Originally Posted by *levar* 
I still have hCG 60 per doctor, but that was/is AFTER I had my normal period? I had MC, 29 days later AF, a week later my blood test was hCG 60. Doctor didn't seem to worried though. Just told me to come back in 8 weeks and test my blood again?

That is weird and the first I heard of that happening. Are you sure you aren't pregnant again? Was your period a normal, for you, period?. Just curious. Seems like you find out one 'fact' and someone comes along and disproves it


----------



## juicypakwan (Jun 19, 2002)

With my first miscarriage I tested positive the whole 6 weeks until my period came. Finally tested neg after the period. 24 labor with the miscarriage and breastfeeding a 1 yr old. I had become convinsed I was pregnant again until my period finally started.

8 mo. later another miscarriage, a 12 hr labor still nursing my older baby tested negative as soon as the flow was over so a huge variation for me. My period came 4 wks later right on schedule. Then I ovulated 9 days into that period 3 days after flow stopped and concieved.


----------



## flapjack (Mar 15, 2005)

For me, it was 24 days, but that was with twins.

I've hit the point, though, where should I lose a subsequent pregnancy I'm going to refuse HPTs after the event. For me it served absolutely no useful purpose- I knew I wasn't pregnant any more, my body was returning to normal, and the experience of POAS, desperately hoping for a bfn to keep me out of hospital is so distressing. Miscarriage, you can't help. Twisting the knife in the wound is entirely optional.


----------



## Cardinal (Feb 6, 2006)

My experience is somewhat different because my loss resulted in a D&E to get the baby out... (but, FWIW)

Almost 2 months after having had a D&E (like a D&C but more invasive),I still have a HCG titre of 9. I just got my period and so hopefully that will lower it even more. I don't know how long it takes to get down to zero after you lose a baby or have surgery, but I just was giving you what my experiece is/has been.

Alegna, could you get bloodwork done nearby to see what your titre is? I get mine done every other week because my pregnancy was molar nad therefore we have to make sure it goes down as to ensure it is not a malignant tumor. But, I bet you could ask your practitioner to order you a blood test to see what your count is. That might give you peace of mind and give you a timetable.


----------



## alegna (Jan 14, 2003)

Quote:


Originally Posted by *flapjack* 
For me, it was 24 days, but that was with twins.

I've hit the point, though, where should I lose a subsequent pregnancy I'm going to refuse HPTs after the event. For me it served absolutely no useful purpose- I knew I wasn't pregnant any more, my body was returning to normal, and the experience of POAS, desperately hoping for a bfn to keep me out of hospital is so distressing. Miscarriage, you can't help. Twisting the knife in the wound is entirely optional.
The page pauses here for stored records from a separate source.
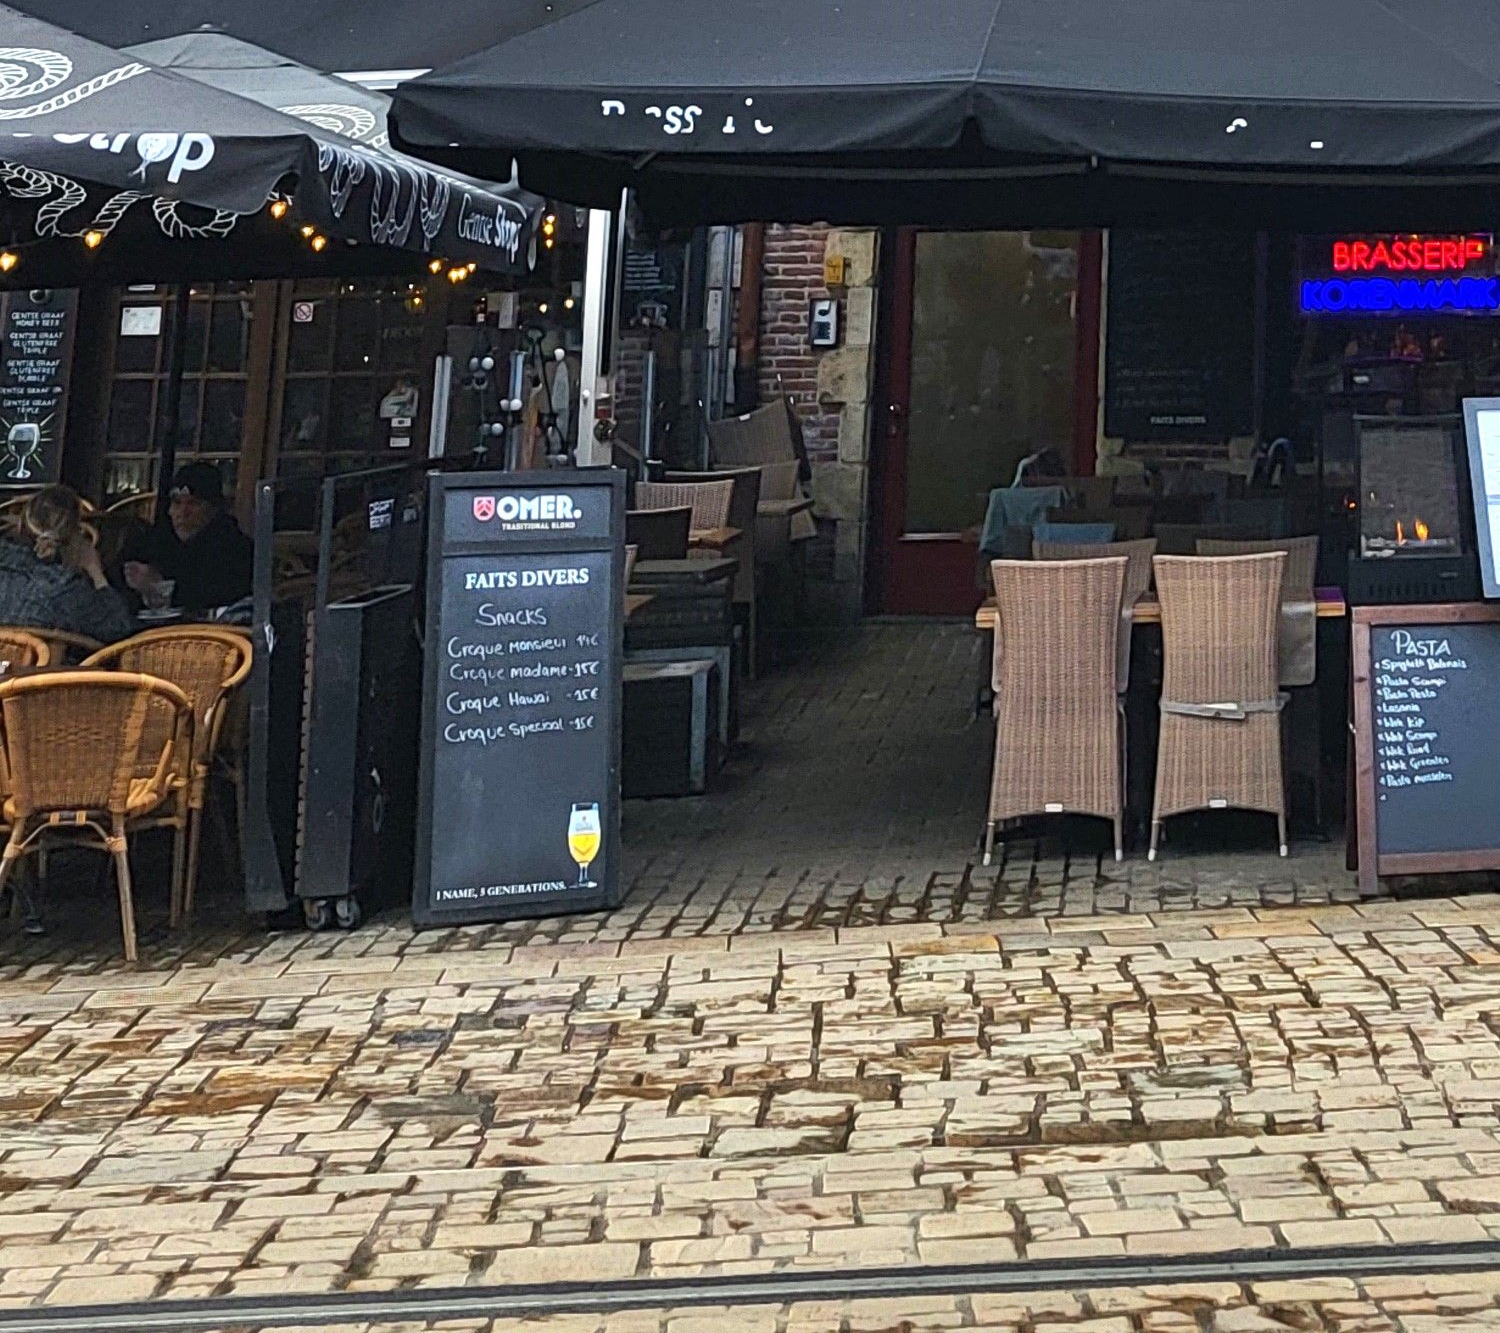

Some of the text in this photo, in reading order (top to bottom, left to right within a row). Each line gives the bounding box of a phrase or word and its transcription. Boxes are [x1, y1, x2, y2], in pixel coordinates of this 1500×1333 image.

[497, 495, 582, 521] OMER.
[502, 522, 549, 531] TRADITIONAL
[465, 568, 589, 590] FAITS DIVERS
[448, 636, 505, 661] Croque
[450, 663, 505, 687] Croque
[446, 692, 501, 715] Croque
[444, 723, 506, 746] Croque
[442, 888, 478, 900] NAME,
[487, 881, 567, 896] GENERATIONS.
I just want a neg before we start TTC again so that I know when a pos counts- if that makes any sense.

-Angela


----------



## alegna (Jan 14, 2003)

Quote:


Originally Posted by *Cardinal* 
Alegna, could you get bloodwork done nearby to see what your titre is? I get mine done every other week because my pregnancy was molar nad therefore we have to make sure it goes down as to ensure it is not a malignant tumor. But, I bet you could ask your practitioner to order you a blood test to see what your count is. That might give you peace of mind and give you a timetable.

I could, but I have no desire to at all









thanks though.

-Angela


----------



## NamastePlatypus (Jan 22, 2007)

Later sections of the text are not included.